--- The data ---
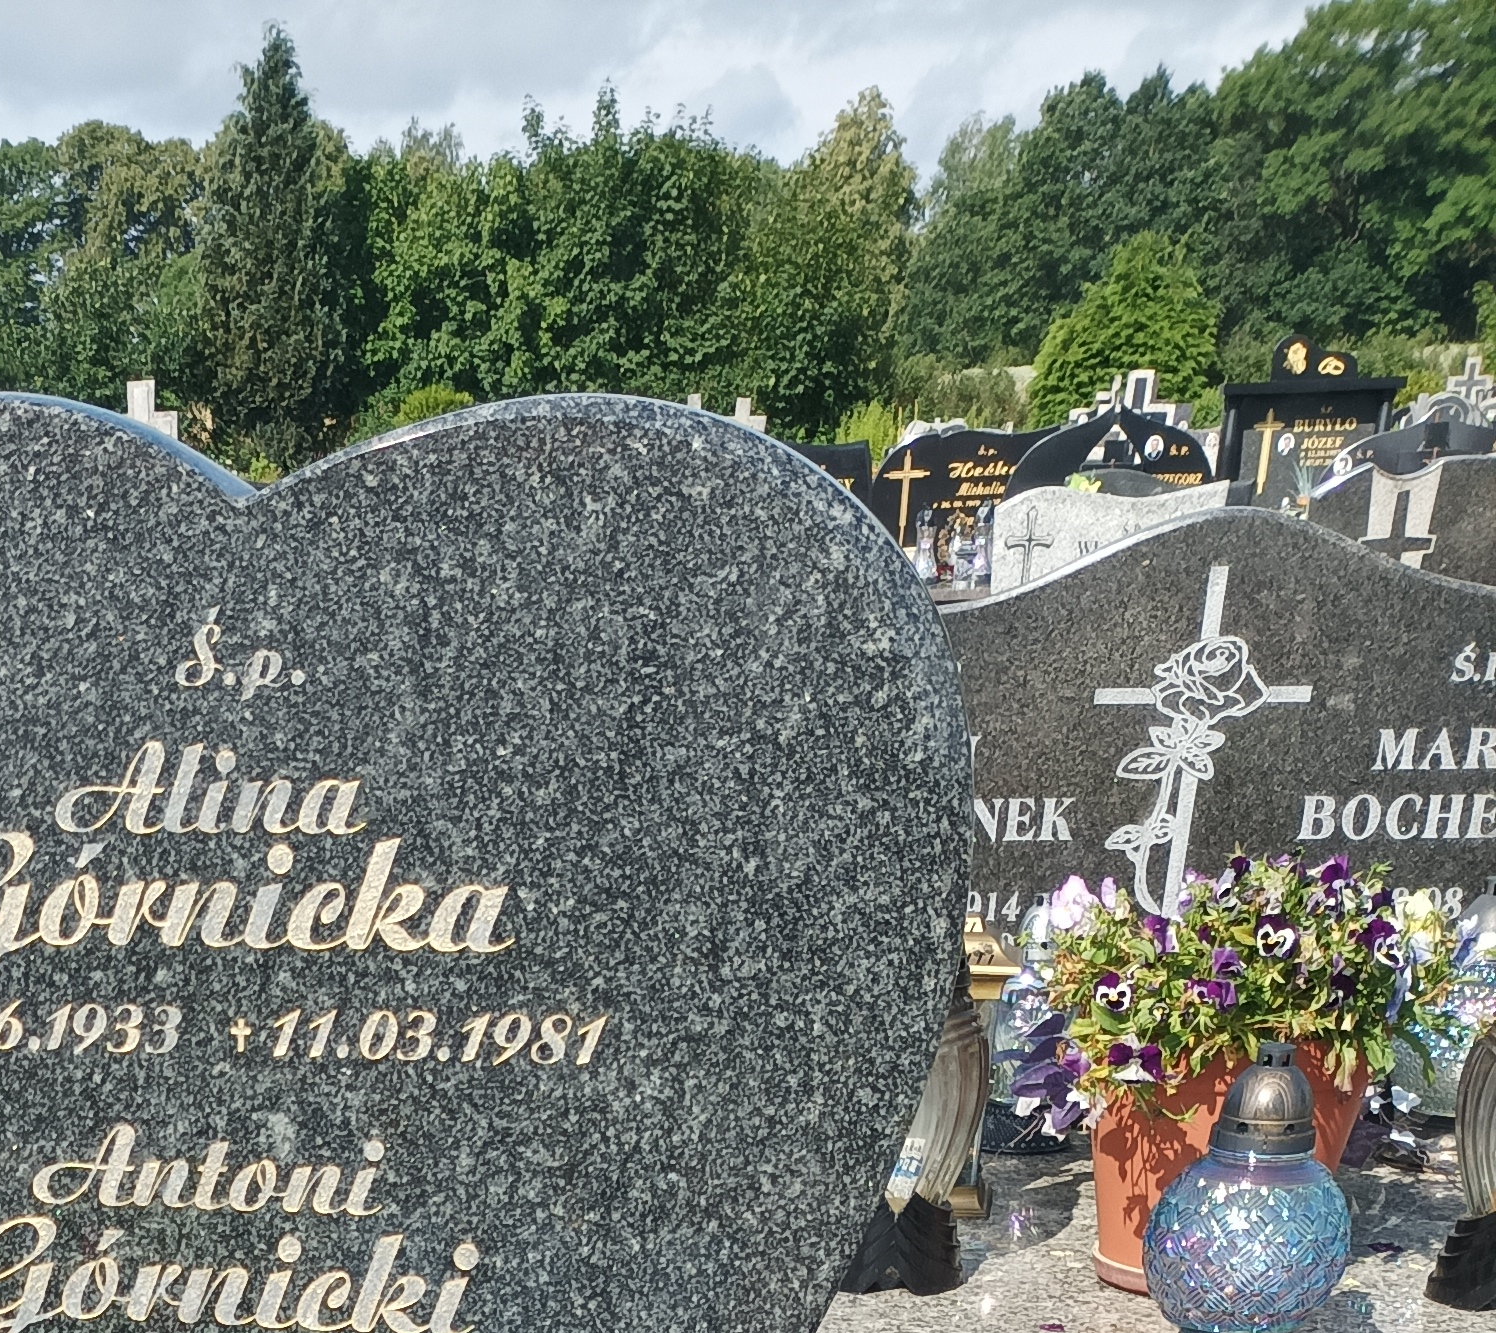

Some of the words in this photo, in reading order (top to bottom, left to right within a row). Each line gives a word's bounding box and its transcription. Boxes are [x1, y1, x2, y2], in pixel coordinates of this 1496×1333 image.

[1300, 435, 1344, 449] JÓZEF
[955, 481, 1006, 497] Michalin
[54, 739, 368, 837] Alina
[270, 1007, 609, 1067] 11.03.1981
[31, 1122, 387, 1219] Antoni
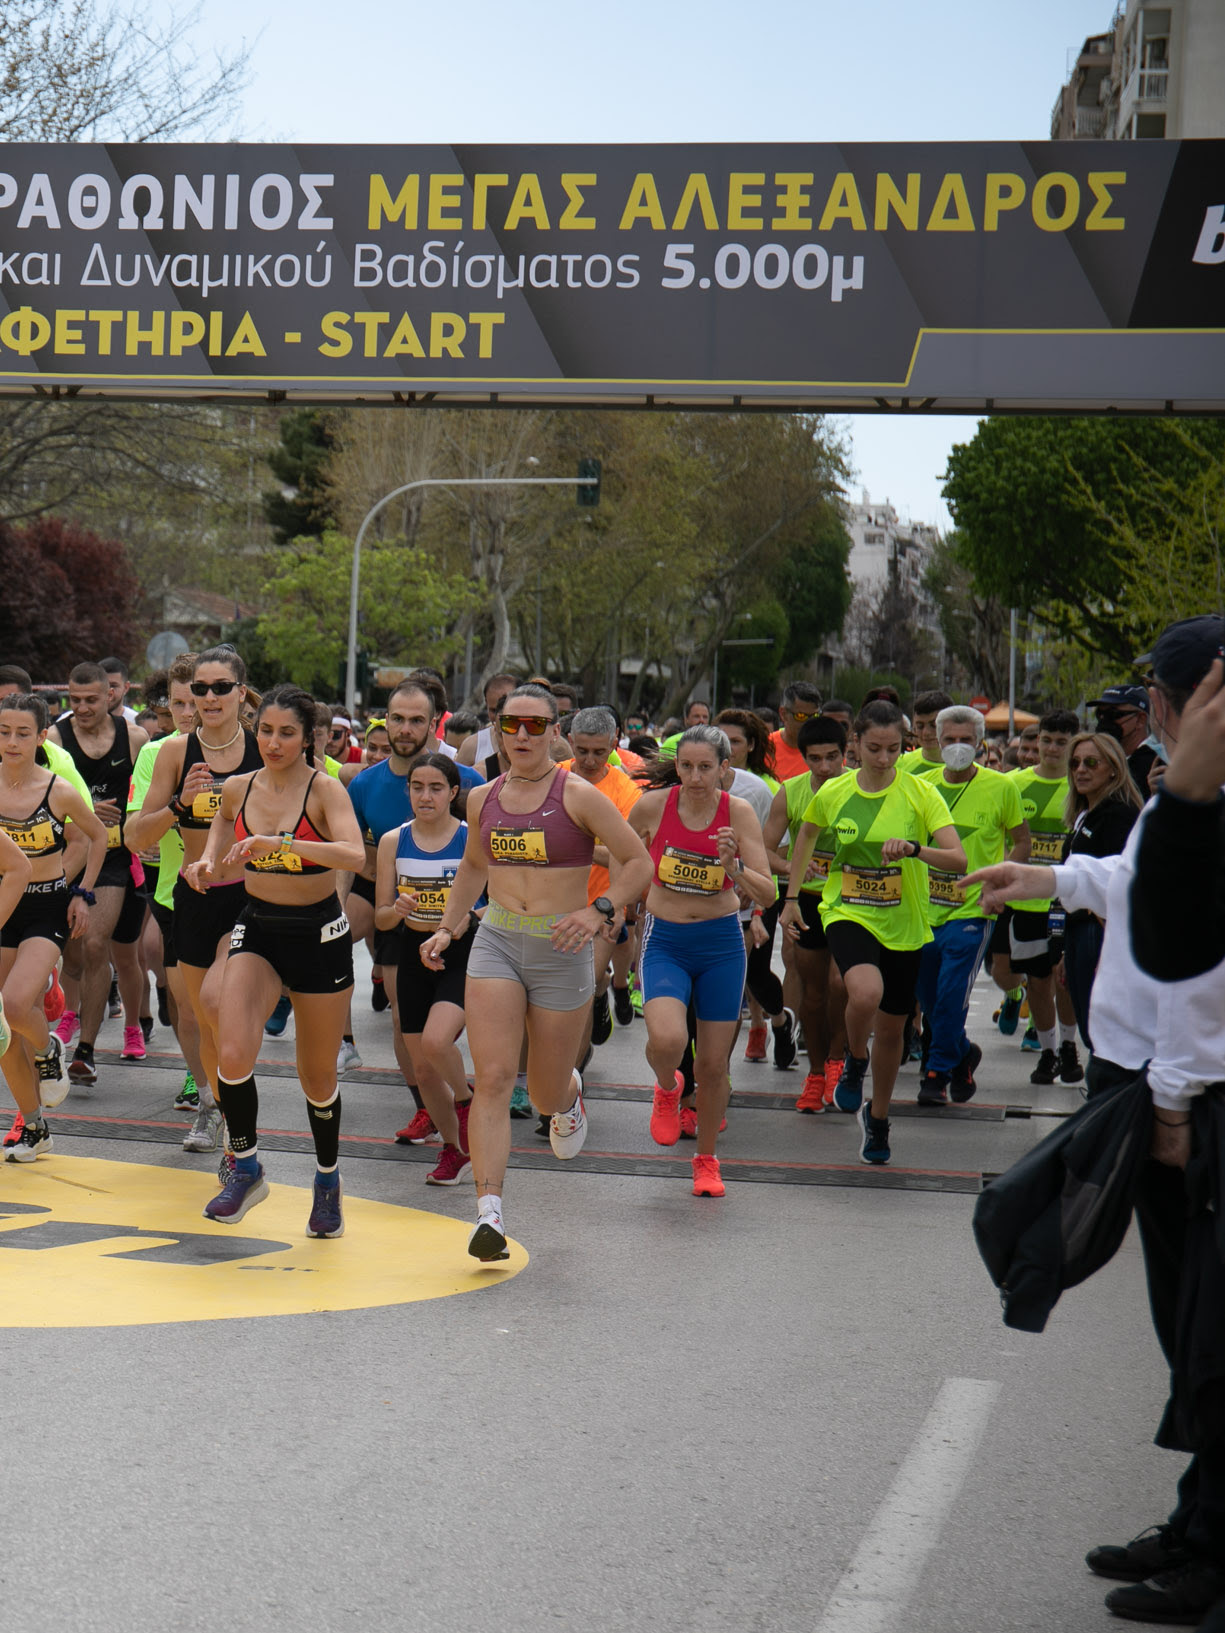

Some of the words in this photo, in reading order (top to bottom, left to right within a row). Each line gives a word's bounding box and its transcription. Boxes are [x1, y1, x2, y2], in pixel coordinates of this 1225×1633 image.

[367, 173, 597, 231] ΜΕΓΑΣ
[619, 172, 1127, 232] ΑΛΕΞΑΝΔΡΟΣ
[80, 240, 332, 297] Δυναμικού
[353, 240, 641, 298] Βαδίσματος
[661, 243, 865, 302] 5.000μ
[318, 311, 506, 358] START
[491, 838, 527, 851] 5006
[1032, 840, 1058, 853] 8717
[673, 864, 708, 881] 5008
[855, 879, 887, 892] 5024

--- Exercise goal ---
Output only the lines from the one that contains "this 1225×1633 image." through the last line of the data above, each restated exactly.

--- Answer to this task ---
Some of the words in this photo, in reading order (top to bottom, left to right within a row). Each line gives a word's bounding box and its transcription. Boxes are [x1, y1, x2, y2], in pixel coordinates of this 1225×1633 image.

[367, 173, 597, 231] ΜΕΓΑΣ
[619, 172, 1127, 232] ΑΛΕΞΑΝΔΡΟΣ
[80, 240, 332, 297] Δυναμικού
[353, 240, 641, 298] Βαδίσματος
[661, 243, 865, 302] 5.000μ
[318, 311, 506, 358] START
[491, 838, 527, 851] 5006
[1032, 840, 1058, 853] 8717
[673, 864, 708, 881] 5008
[855, 879, 887, 892] 5024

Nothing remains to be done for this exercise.